A Private Crosstalk Established by Tumor-Targeted Cytokine Release Rescues CAR-T Activity and Engages Host T Cells against Glioblastoma

Chimeric antigen receptor T cells (CAR-Ts) have shown limited efficacy in solid tumors, due to poor penetration, constrained activity, and early exhaustion into the immunosuppressive tumor microenvironment (TME). While cytokines can counteract immune-suppression, their systemic administration entails risk of toxicities and counter-regulatory responses. Here, we leveraged on a population of tumor associated TIE2 expressing macrophages (TEMs) to release IFN-? and/or orthogonal IL-2 (oIL2) at the tumor site. TEM-mediated cytokine delivery rescued CAR-Ts functionality against the clinically relevant antigen B7-H3 in an immunocompetent mouse model of glioblastoma multiforme (GBM) which was refractory to anti-B7-H3 CAR-Ts alone. Immunophenotypic and transcriptomic analyses showed that TEM-mediated cytokine delivery counteracted premature CAR-Ts terminal exhaustion and sustained their effector/memory state which accounts for tumor cell elimination. This was mirrored by delayed tumor growth and prolonged mice survival achieving a synergistic effect in the IFN-? + oIL2 group receiving CAR-Ts. Importantly, IFN-?, especially when combined with oIL2, also triggered an endogenous T cell response against tumor associated antigens other than B7-H3. Altogether our findings suggest that the combination approach between the two genes and cell therapy strategies presented here, and already under clinical testing as monotherapies, could achieve synergistic therapeutic effect also in GBM patients. Overall design: CAR-T Single-cell RNA sequencing (scRNAseq) of GBM tumor mice (mixed 1:1 ratio of adoptive and endogenous immune cells) belonging to different treatment groups: Empty, IFN, oIL2, and IFN+oIL2.

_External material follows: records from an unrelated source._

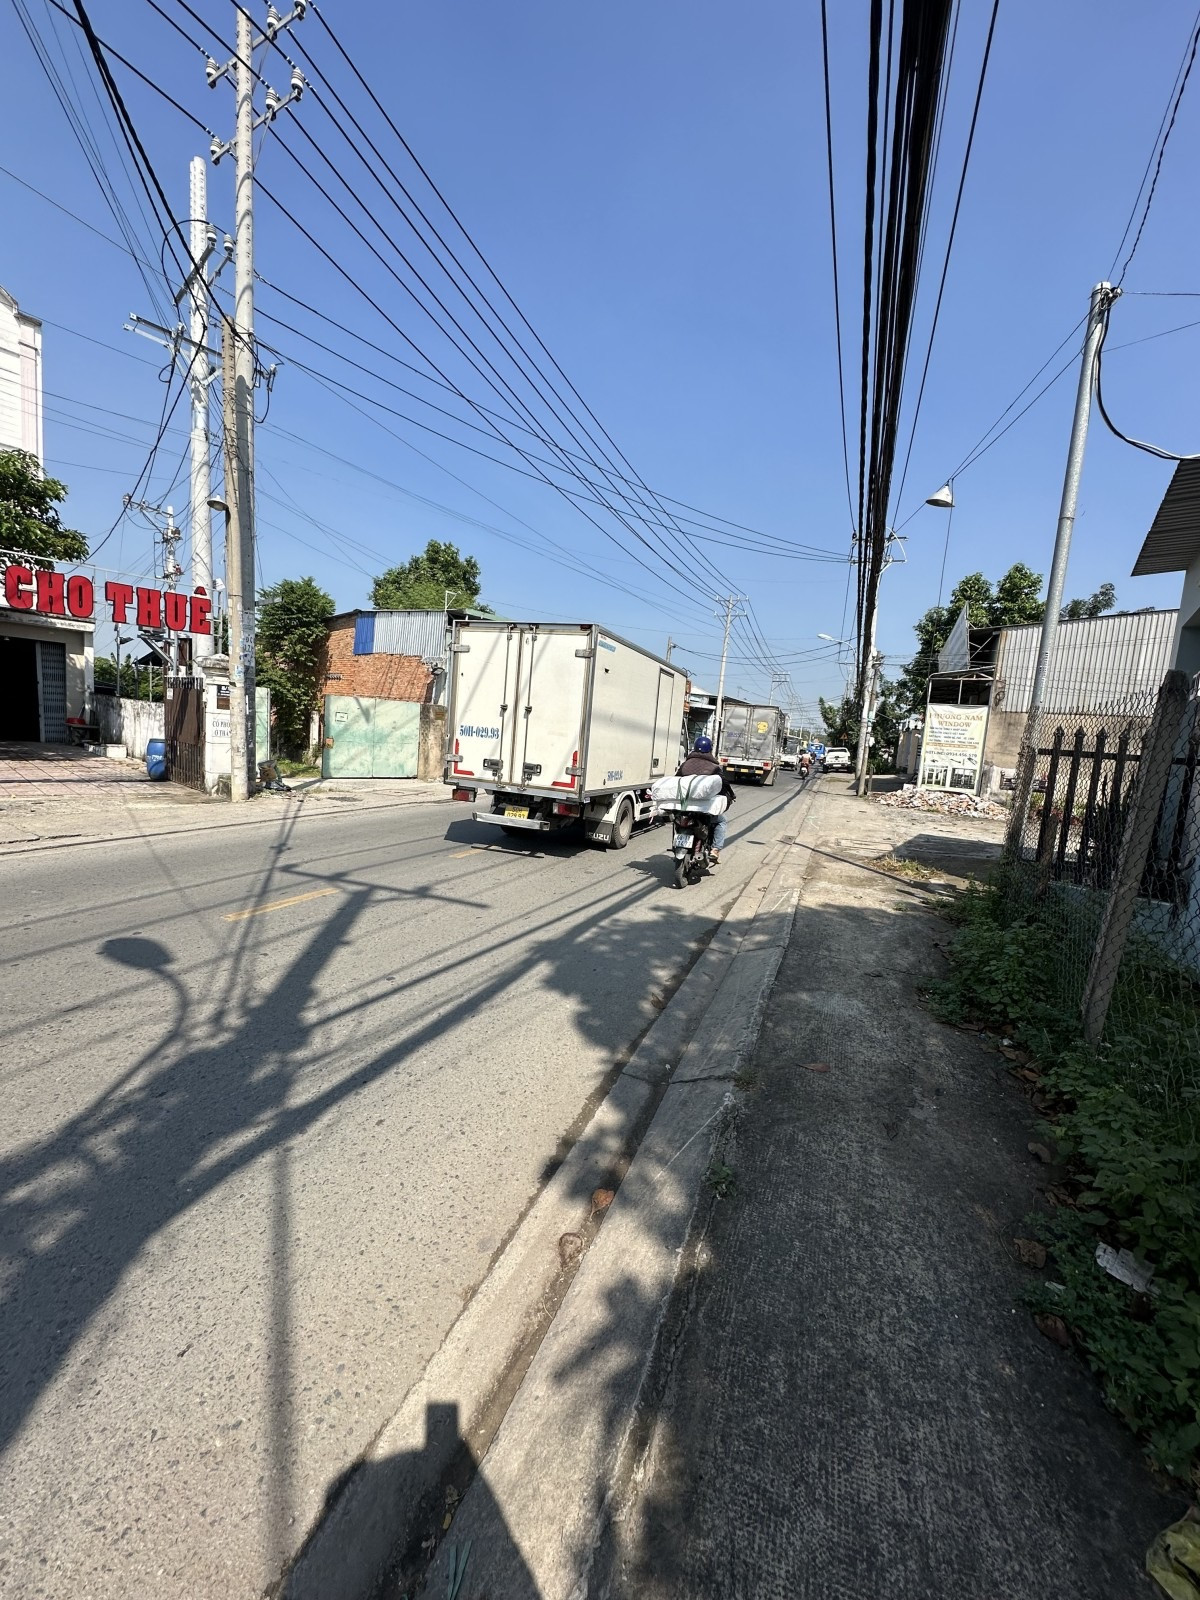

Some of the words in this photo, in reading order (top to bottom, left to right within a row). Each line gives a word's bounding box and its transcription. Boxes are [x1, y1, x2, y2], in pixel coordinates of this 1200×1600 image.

[5, 564, 94, 618] CHO
[105, 581, 212, 635] THUÊ
[938, 720, 972, 728] WINDOW
[459, 724, 500, 740] 50H-029.93
[586, 831, 610, 841] ISUZU

嵌合抗原受体T细胞（Chimeric antigen receptor T cells, CAR-T）在实体瘤中的治疗效果有限，这源于其穿透能力不足、抗肿瘤活性受限，且会在免疫抑制性肿瘤微环境（immunosuppressive tumor microenvironment, TME）中发生早期耗竭。细胞因子可抵消免疫抑制作用，但全身给药会带来毒性反应与代偿性应答的风险。本研究利用表达TIE2的肿瘤相关巨噬细胞（tumor associated TIE2 expressing macrophages, TEMs）在肿瘤部位释放干扰素γ（IFN-γ）和/或正交白介素2（orthogonal IL-2, oIL2）。在仅使用抗B7-H3 CAR-T治疗呈现难治性的免疫健全多形性胶质母细胞瘤（glioblastoma multiforme, GBM）小鼠模型中，TEM介导的细胞因子递送恢复了CAR-T针对临床相关抗原B7-H3的抗肿瘤功能。免疫表型与转录组学分析显示，TEM介导的细胞因子递送可抵消CAR-T细胞过早发生的终末耗竭，维持其效应/记忆状态，从而实现肿瘤细胞清除；该效果伴随肿瘤生长延迟与小鼠生存期延长，在联合输注IFN-γ与oIL2的CAR-T治疗组中观察到协同效应。值得注意的是，IFN-γ，尤其是与oIL2联合使用时，还可触发针对B7-H3以外其他肿瘤相关抗原的内源性T细胞应答。综上，本研究提出的双基因递送与细胞治疗联合策略（两种策略目前已作为单药疗法进入临床试验），有望在GBM患者中实现协同治疗效果。实验整体设计：对不同治疗组（空白对照组、IFN-γ组、oIL2组、IFN-γ+oIL2组）的GBM荷瘤小鼠进行单细胞RNA测序（single-cell RNA sequencing, scRNAseq），其肿瘤组织中过继性免疫细胞与内源性免疫细胞的比例为1:1。